- Amen.
- Pardon ?
- Moi, je veux bien être surpris, ai-je dit, voir quelque chose d'inattendu, qui dépasse ma réflexion, mes attentes, ma posture, ma sensibilité et qui, en ce sens, vient proposer du nouveau, je dirais même de l'inespéré. En revanche, quand je suis dérangé par la photo d'un homme en train de se mutiler, ce n'est pas parce qu'elle est inattendue mais parce qu'elle heurte ma vision du monde et ma conception de l'humain, du corps, de l'intégrité. Cette photo ne déplace pas ma conception : elle la contrarie radicalement et n'a donc aucune chance de la modifier. Elle correspond à une vision de l'homme qui me dérange en effet, mais comme me dérangent le nazisme, l'antisémitisme etc. Il y a des tas de choses qui me dérangent et qui ne sont pas de l'art pour autant. Le dérangement n'est pas un critère. J'attends de l'art qu'il m'ouvre des possibilités de vision du monde nouvelles, mais quand je suis dérangé parce que cela me dégoûte ou va contre ma conception de l'être humain, je ne vois pas le vertu de ce dérangement.
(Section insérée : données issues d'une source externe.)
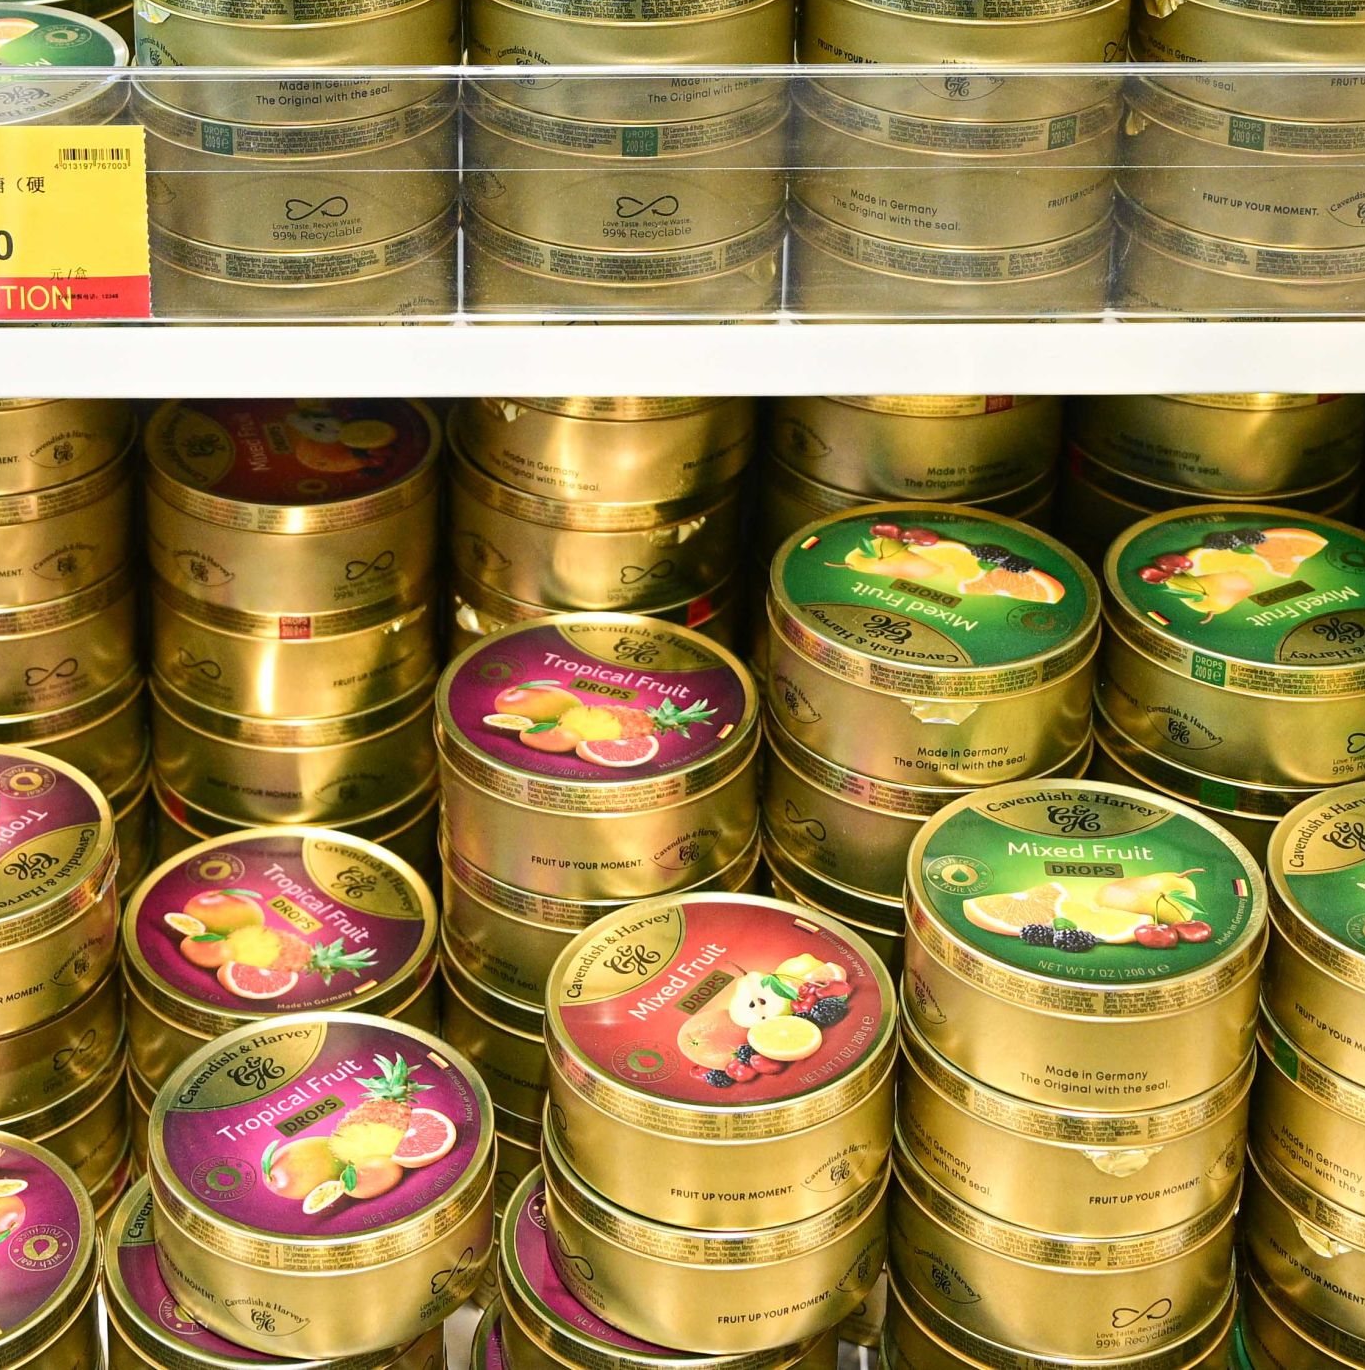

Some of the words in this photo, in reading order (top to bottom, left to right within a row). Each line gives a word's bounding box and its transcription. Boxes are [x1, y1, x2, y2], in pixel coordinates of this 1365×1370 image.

- Est-ce qu'on peut avancer que l'œuvre de MacCarty s'inscrit dans la continuité de la nécessaire opération de la catharsis, exhibant la violence pour mieux nous en débarrasser ? L'art ici nous permet d'éjecter de nous-mêmes cette pulsion violente en proposant des objets qui dépassent toute limite. "
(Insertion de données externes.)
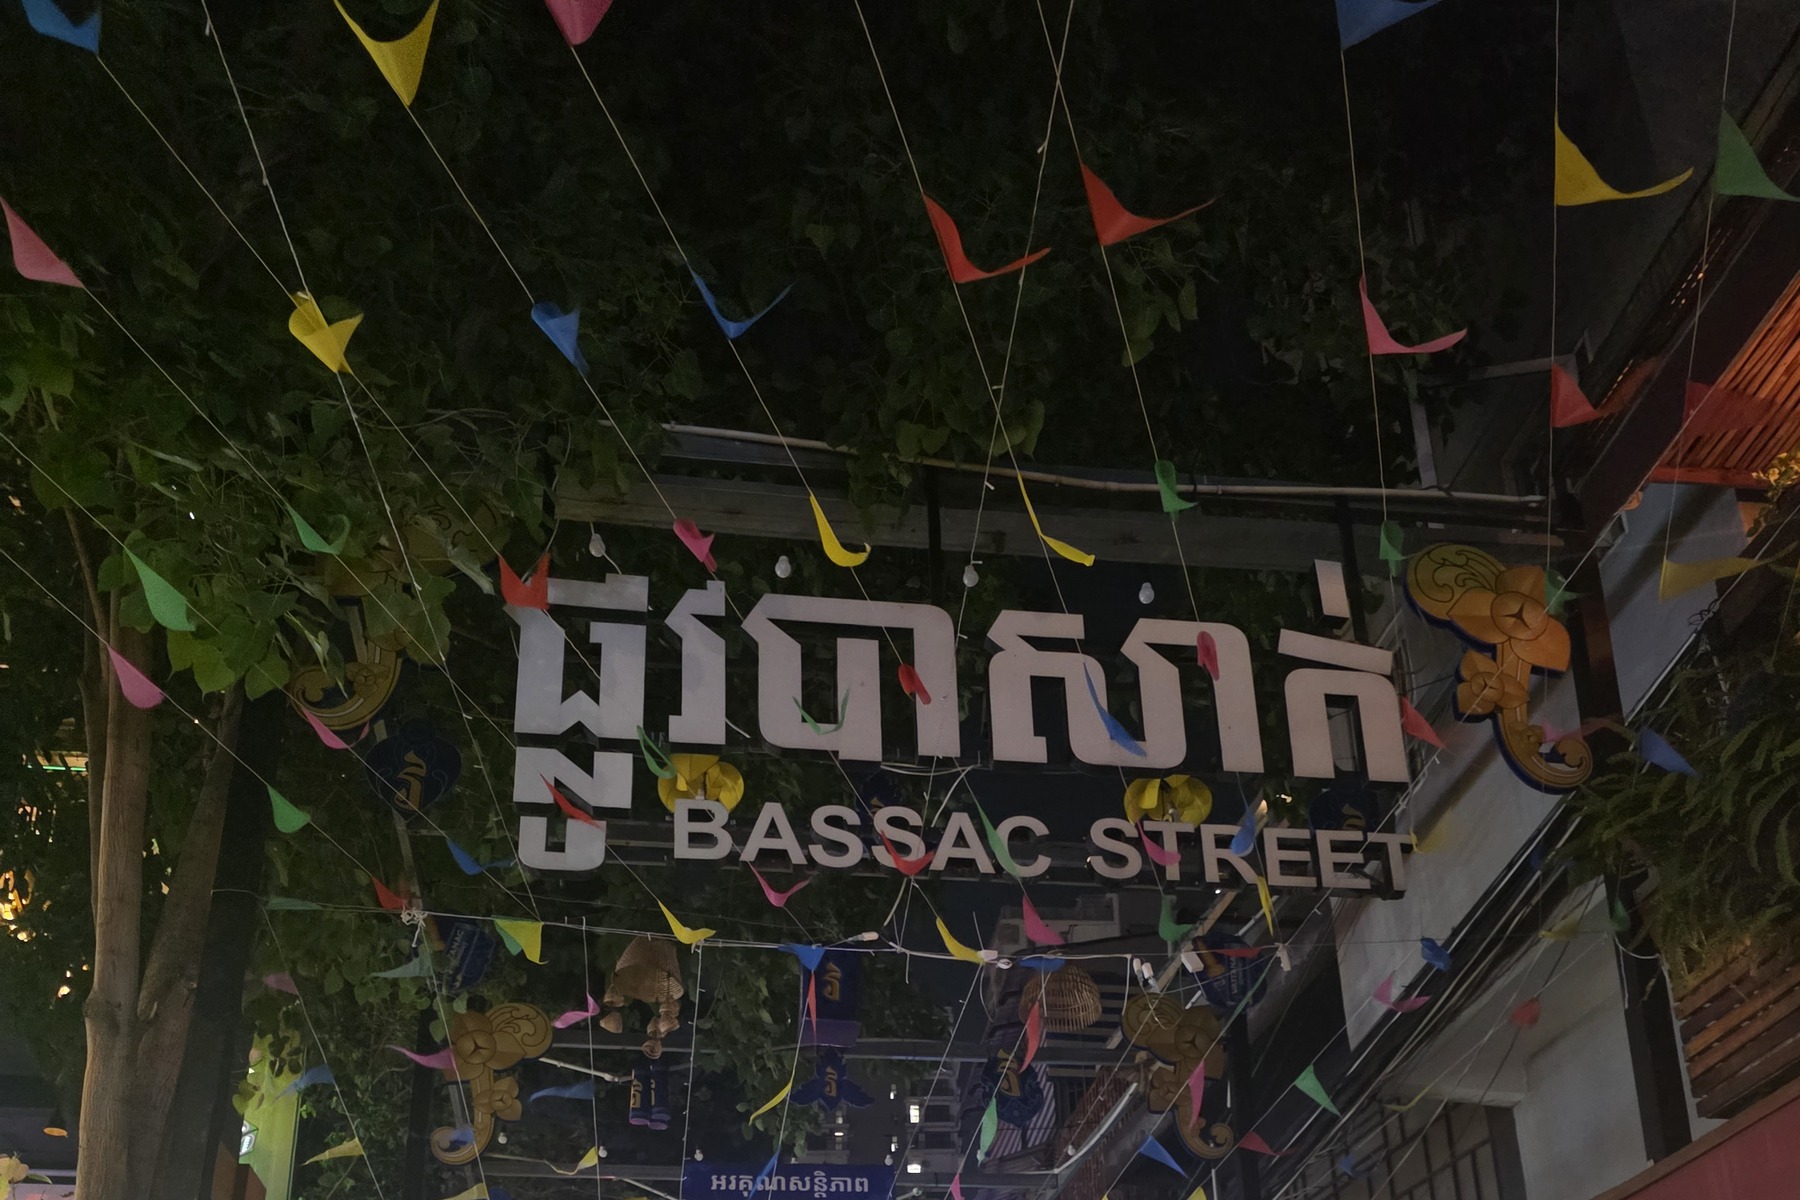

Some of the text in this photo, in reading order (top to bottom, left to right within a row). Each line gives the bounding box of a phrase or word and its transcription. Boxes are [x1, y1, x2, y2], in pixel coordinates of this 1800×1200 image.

[674, 799, 1416, 893] BASSAC STREET
[710, 1170, 869, 1199] អរគុណសន្តិភាព
La fille avait du biscuit. Mais Gulliver aussi.
- Dans les temps plus anciens, on allait place de Grève pour assister aux exécutions. D'une part, je ne suis pas certain que cette fascination pour l'horreur empêchait la violence quotidienne, d'autre part elle n'avait rien à voir avec un quelconque sentiment esthétique. Elle peut y être liée, mais il ne suffit pas qu'il y ait expression de la violence pour faire une œuvre. Je suis d'accord avec le critère d'intensité : l'œuvre doit présenter de l'intensité, par sa richesse, sa diversité, la concentration de ses effets etc. Mais l'intensité de l'émotion qu'elle suscite peut ne pas relever du tout d'un sentiment esthétique. Quand ce ne sont pas des œuvres dégoûtantes, MacCarty nous présente des œuvres essentiellement fondées sur la dérision - dérision des personnages, dérision des situations, dérision du médium. Permettez, mais j'ai du mal à croire que tant de dérision accumulée puisse provoquer de l'intensité ou une quelconque catharsis.
Une assemblée de sept ou huit personnes avait commencé à nous entourer, le catalogue circulait de main en main, les gens se montraient des pages, commentaient à voix basse et suivaient notre joute. Une dame minuscule a pris la parole et a dit d'une voix douce : "J'ai bien conscience qu'on touche à un point de vue qui ne vaut que peut-être que pour moi - et pour monsieur, si je le suis bien - mais les œuvres de MacCarty témoignent surtout d'une vision de l'homme que je ne partage pas et même déteste, vision où le corps est séparé de l'esprit et avili. Infériorité de la matière, dégradation de la chair : j'exècre le fait d'exalter, par la prétention à faire œuvre, l'avilissement du corps. Voilà véritablement où se niche la dérision condamnable de cet artiste"
Un barbu qu'on n'avait pas encore remarqué et qui portait un drôle de petit chapeau d'où pendaient de chaque côté un fil et deux pinces à linge a demandé courtoisement : "Et Dada alors ?", en tanguant un peu sur ses jambes comme s'il s'excusait d'exister. La dame ne s'est pas démontée : "Quand Dada considérait l'univers entier avec dérision, rien n'échappait à sa moquerie virulente, ni l'art ni le reste. C'est pourquoi Dada n'entrait évidemment pas au musée, cat il crachait aussi et surtout sur le musée et faisait non seulement table rase de toutes les formes d'œuvres mais aussi de toutes les formes d'institutions artistiques. Mais quand on installe la dérision dans les musées, que reste-t-il de la dérision ? Ou, du moins, que reste-t-il de la force critique potentiellement contenue dans certaines formes de dérision ? Au contraire, après Dada, c'est la terre brûlée, et c'est d'ailleurs pourquoi les surréalistes s'en sont finalement démarqués : ils voulaient quand même faire œuvre - à certaines conditions, mais ils croyaient aux œuvres."